ETA: I’m adding this in response to the comments, because the point Matt brings up is valid, and Jonas’s answer is spot on: I am arguing that race is a fallacious category created to keep the oppressed divided;  but racism is real, and it is the duty of every class-conscious worker to fight it.

You know what helps in the fight against racism within the working class? When you say, “The category of race is pure crap, created to keep you apart, and look at how low your wages are exactly because the bosses have kept you fighting each other by convincing you that the category of race is real. We have to work together, and that means saying ‘NO’ to any effort to try to convince you, by economic advantage, social advantage, or psychological game playing, that you have any interests in common with the exploiters. And we work together in this way, not because you should sacrifice for others, but because it is your own best interest that we are united against our enemy.”
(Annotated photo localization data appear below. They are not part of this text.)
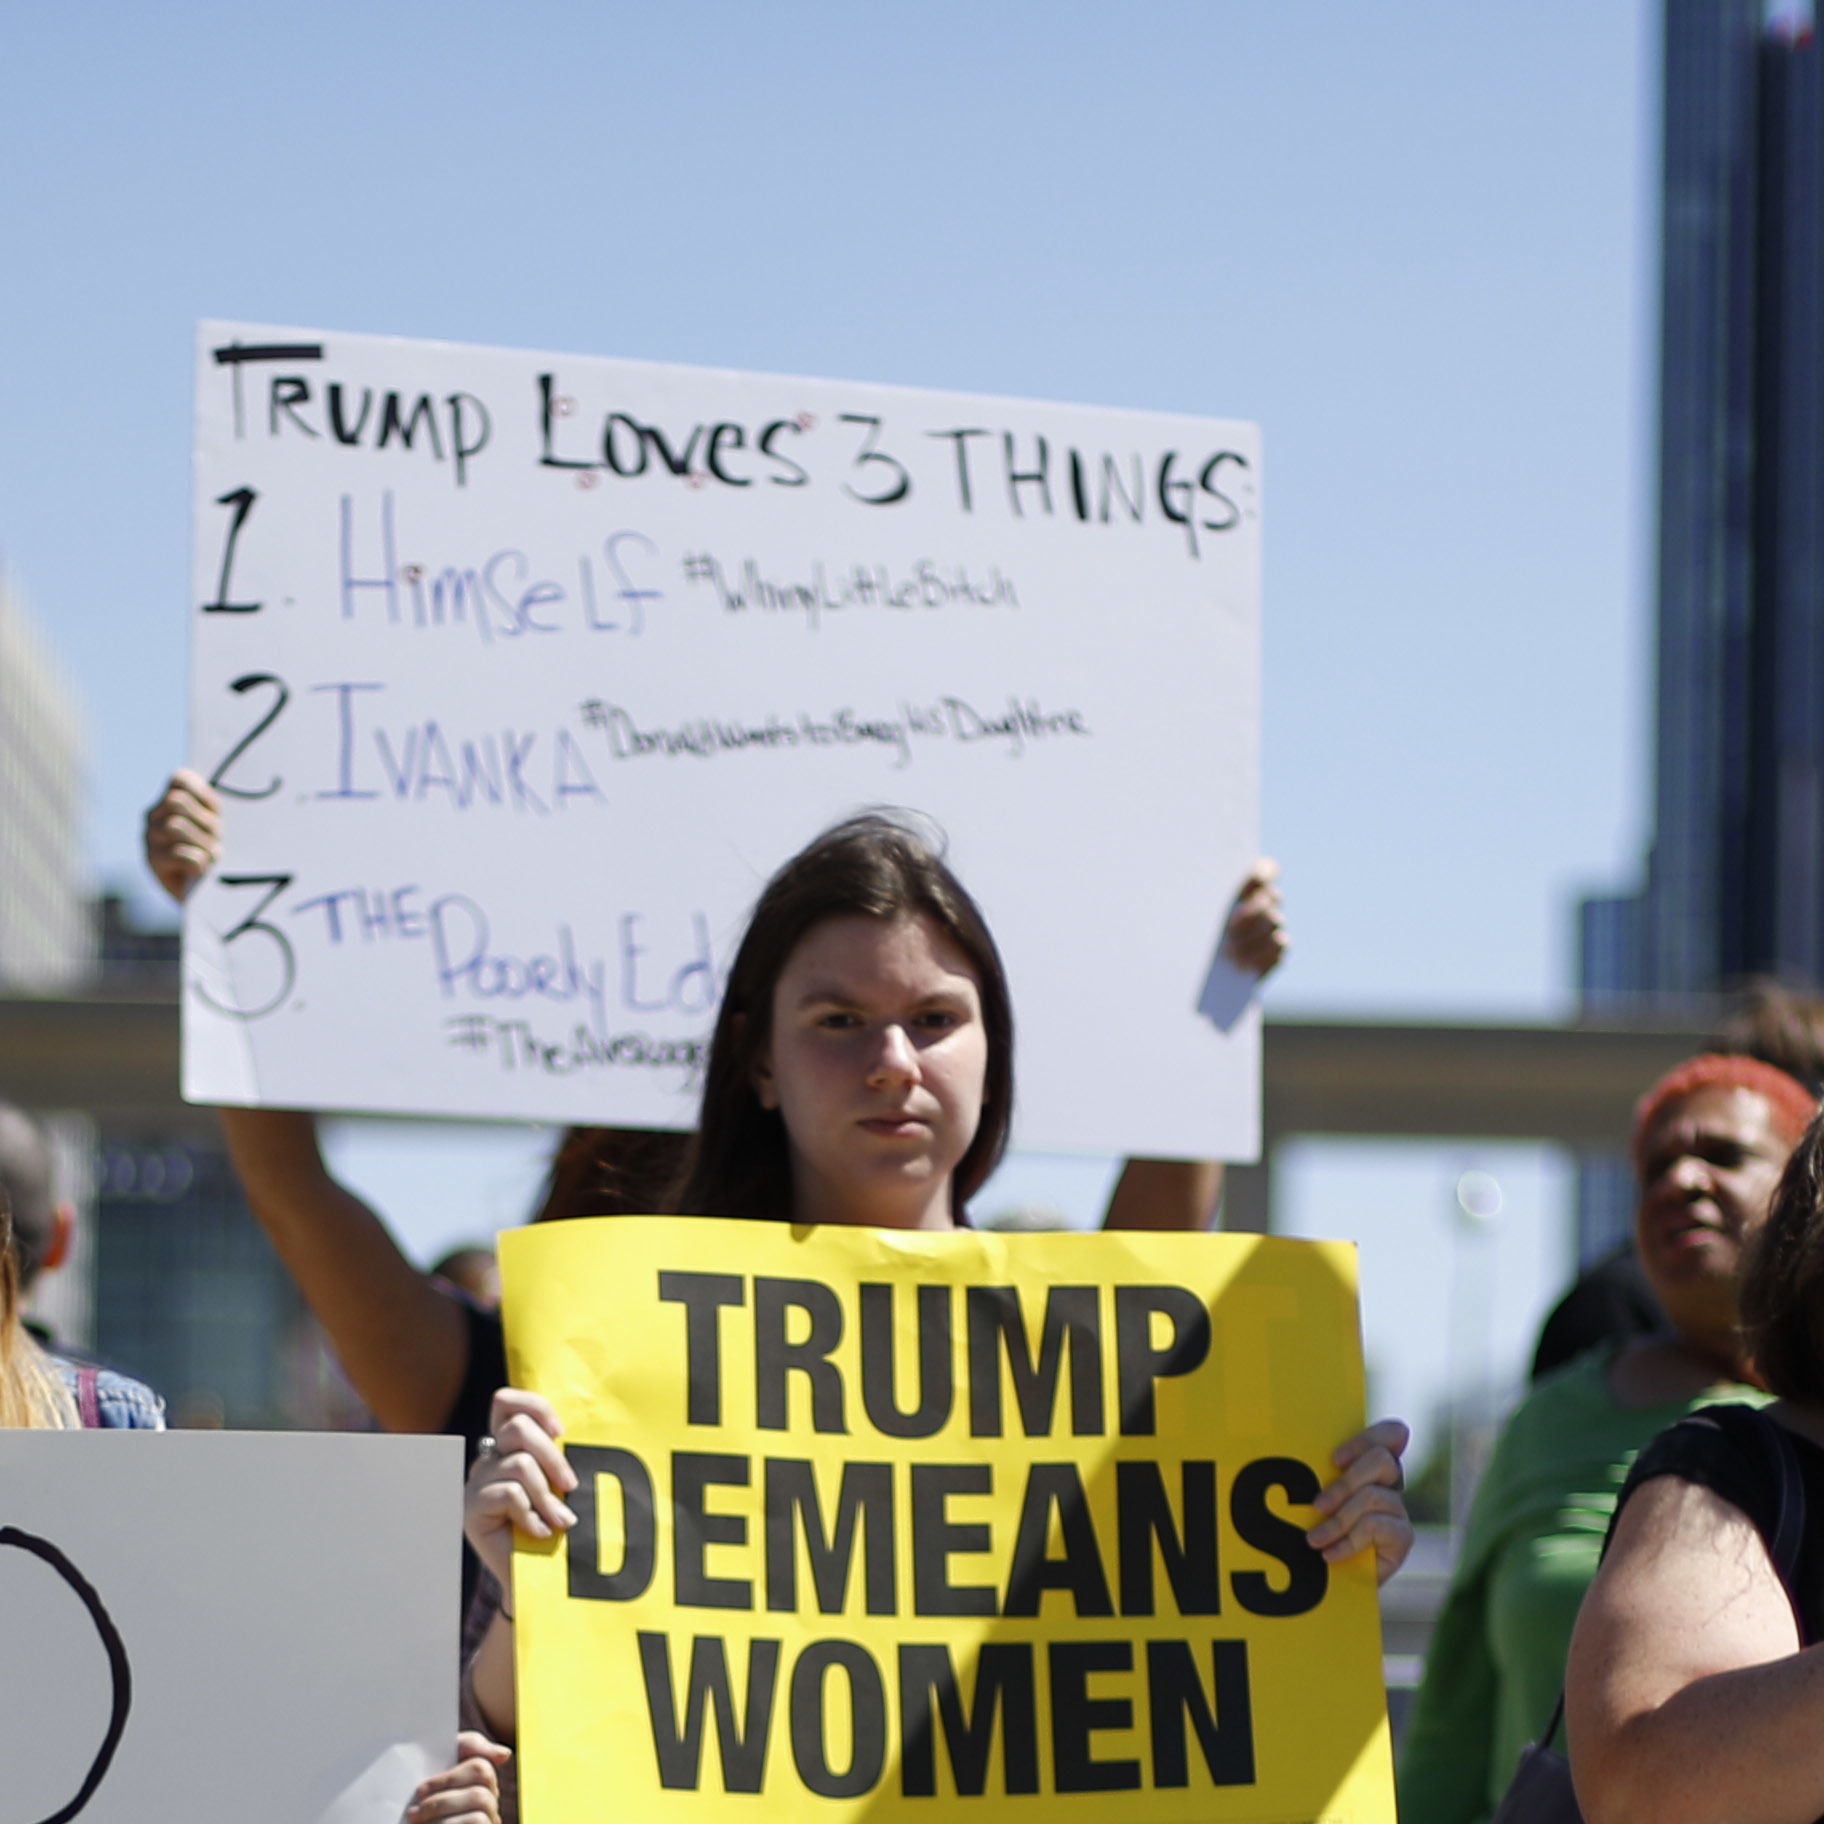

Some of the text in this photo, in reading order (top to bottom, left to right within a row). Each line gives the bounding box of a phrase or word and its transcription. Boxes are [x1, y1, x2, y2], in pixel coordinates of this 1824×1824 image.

[213, 342, 490, 487] TRUMP
[538, 373, 807, 490] Loves
[838, 413, 910, 506] 3
[309, 682, 610, 816] IVANKA
[291, 884, 422, 945] THE
[657, 1269, 1212, 1438] TRUMP
[564, 1442, 1329, 1619] DEMEANS
[636, 1630, 1257, 1800] WOMEN
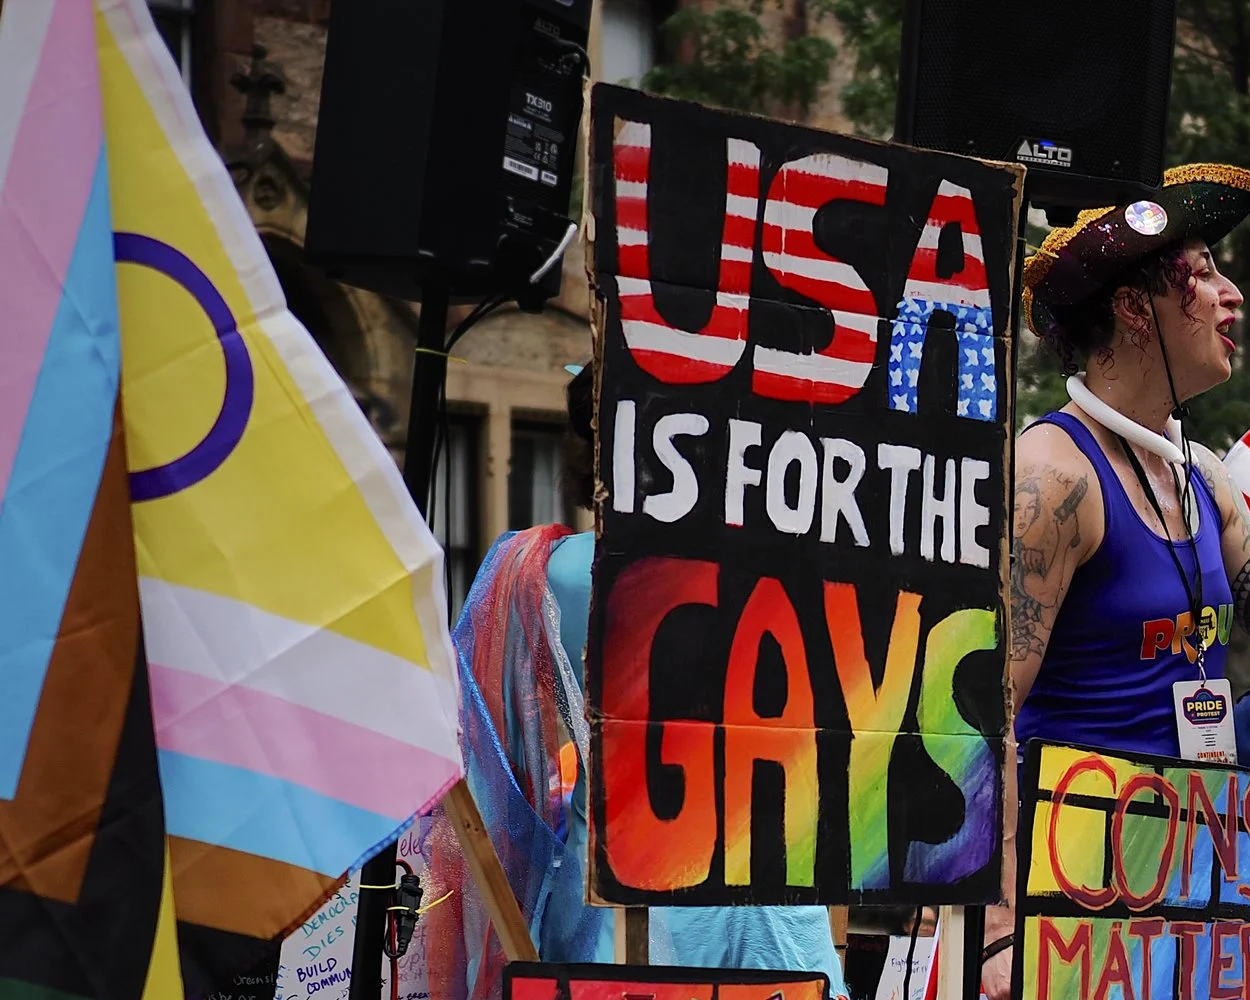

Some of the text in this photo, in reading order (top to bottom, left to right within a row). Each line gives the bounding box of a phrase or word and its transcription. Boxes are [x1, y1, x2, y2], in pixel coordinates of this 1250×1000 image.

You know what doesn’t help? Telling them, “categories of race are real, and we must make them stronger, oh, and be sure you sacrifice what supposed privileges your masters have given you over the doubly oppressed, because you’ll feel all warm and glowy.” This, of course, is very helpful to those who want the oppression to continue. And I’m sure it feels very good to those in the middle—those with secure and comfortable lives who don’t want those lives disrupted by something as untidy and disturbing as the class struggle. If this describes you, then, sure, feel free to say, “White people say.” But don’t pretend that you are helping the oppressed.